Clearly, the package was designed for emacs instances that are running for long times – for example, by default it clears buffers after having been inactive for 3 days. I'm not sure if that use case is very common today. Anyway, you can change it by setting clean-buffer-list-delay-general (which takes the number of days before a buffer becomes eligible for killing).

You can ask midnight-mode to clean-up unused buffers right now with M-x clean-buffer-list. Also, you can use some variables to control which buffers are to be killed, and which ones specifically not:

clean-buffer-list-kill-buffer-names
clean-buffer-list-kill-never-buffer-names
clean-buffer-list-kill-regexps
clean-buffer-list-kill-never-regexps

To run clean-buffer-list every n minutes or so, you could use run-at-time, left as an exercise to the reader.

tempbuf

Another way to accomplish roughly the same is TempbufMode.
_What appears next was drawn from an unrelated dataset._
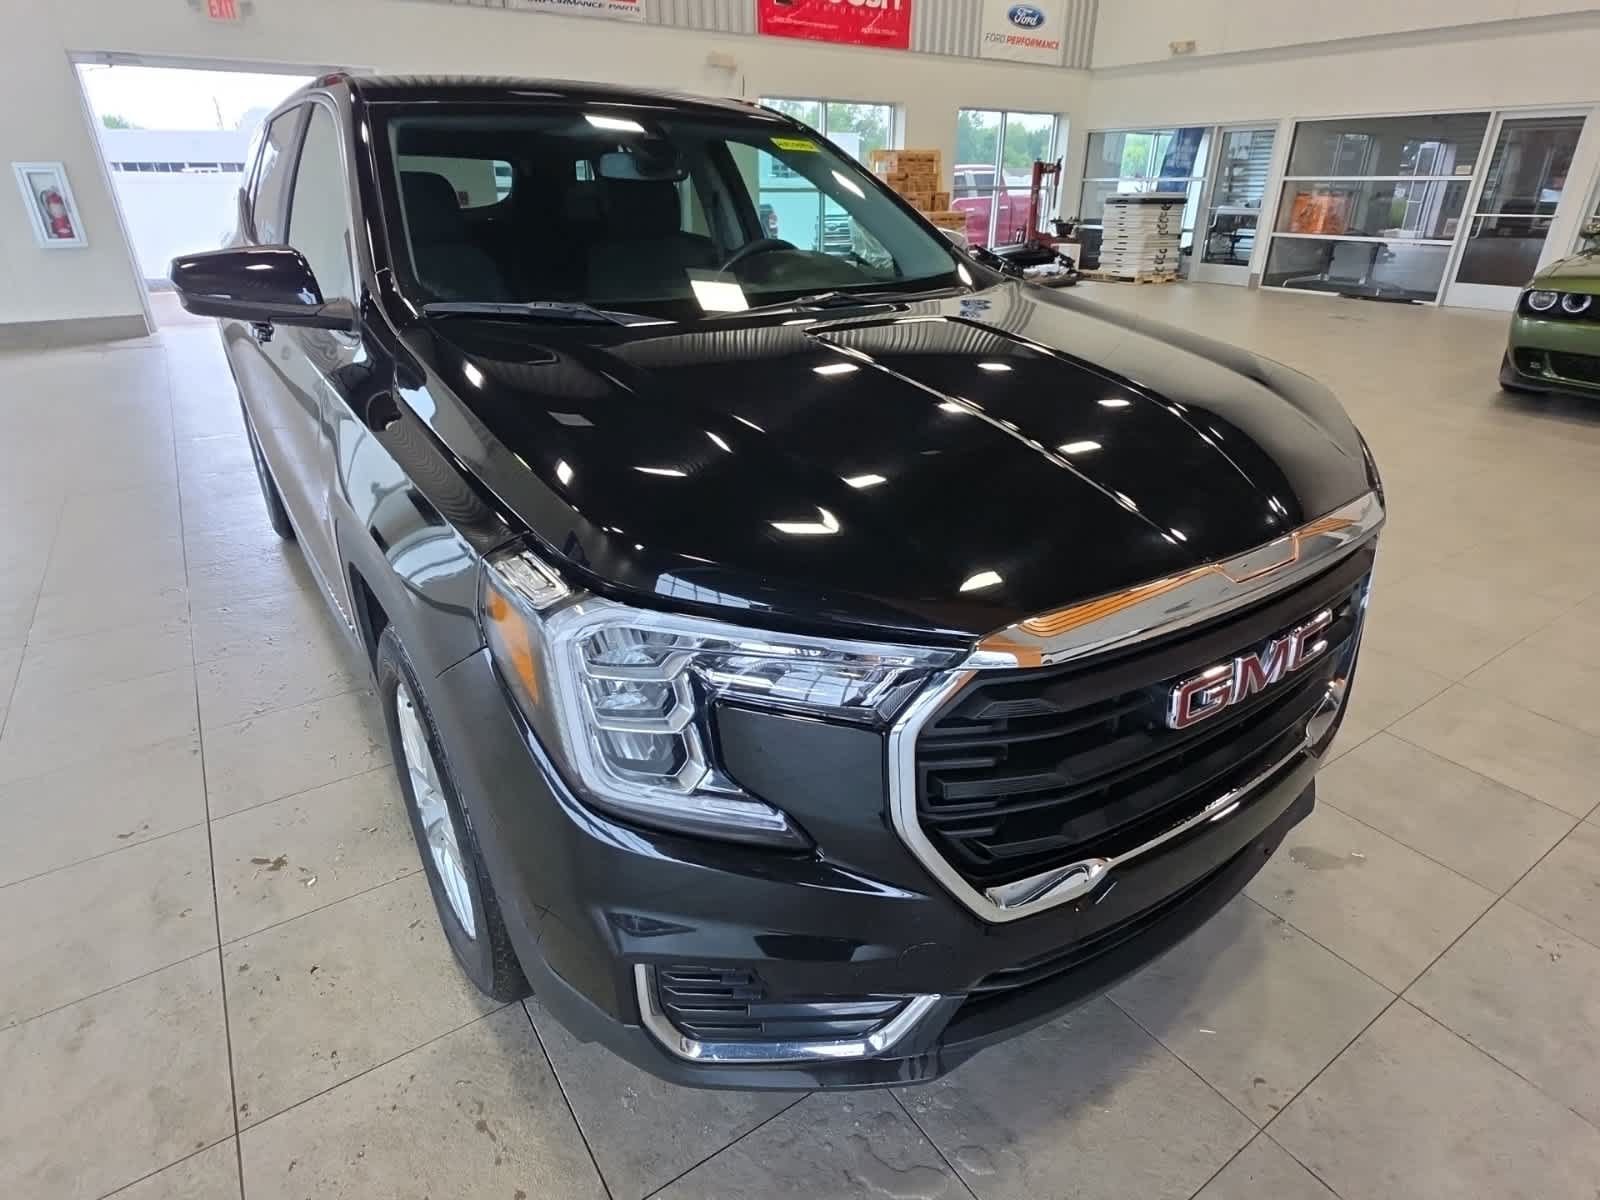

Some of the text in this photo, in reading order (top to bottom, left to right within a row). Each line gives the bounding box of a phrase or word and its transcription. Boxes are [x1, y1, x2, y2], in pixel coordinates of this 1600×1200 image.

[1014, 7, 1040, 26] Ford
[984, 32, 1060, 50] FORD PERFORMANCE
[1167, 608, 1333, 729] GMC
It seems a bit better equipped for shorter cleanup interval, and you have some killed. However, that requires you to add it to the modes where you'd like to more influence on the algorithm it uses to decide whether a buffer may be use it, something like:

;; download tempbuf: http://www.emacswiki.org/emacs/tempbuf.el
(when (require 'tempbuf nil 'noerror) 
  (add-hook 'custom-mode-hook 'turn-on-tempbuf-mode)
  (add-hook 'w3-mode-hook 'turn-on-tempbuf-mode)
  (add-hook 'Man-mode-hook 'turn-on-tempbuf-mode)
  (add-hook 'view-mode-hook 'turn-on-tempbuf-mode))

Side-note: I'm using the (when (require 'tempbuf nil 'noerror) ... ) pattern here to make sure that my .emacs also works when tempbuf is not available.

Added: for cleaning-up your buffer list non-automatically, you can simply use M-x kill-some-buffers. (Thanks Susan!). Or you can use C-x C-b.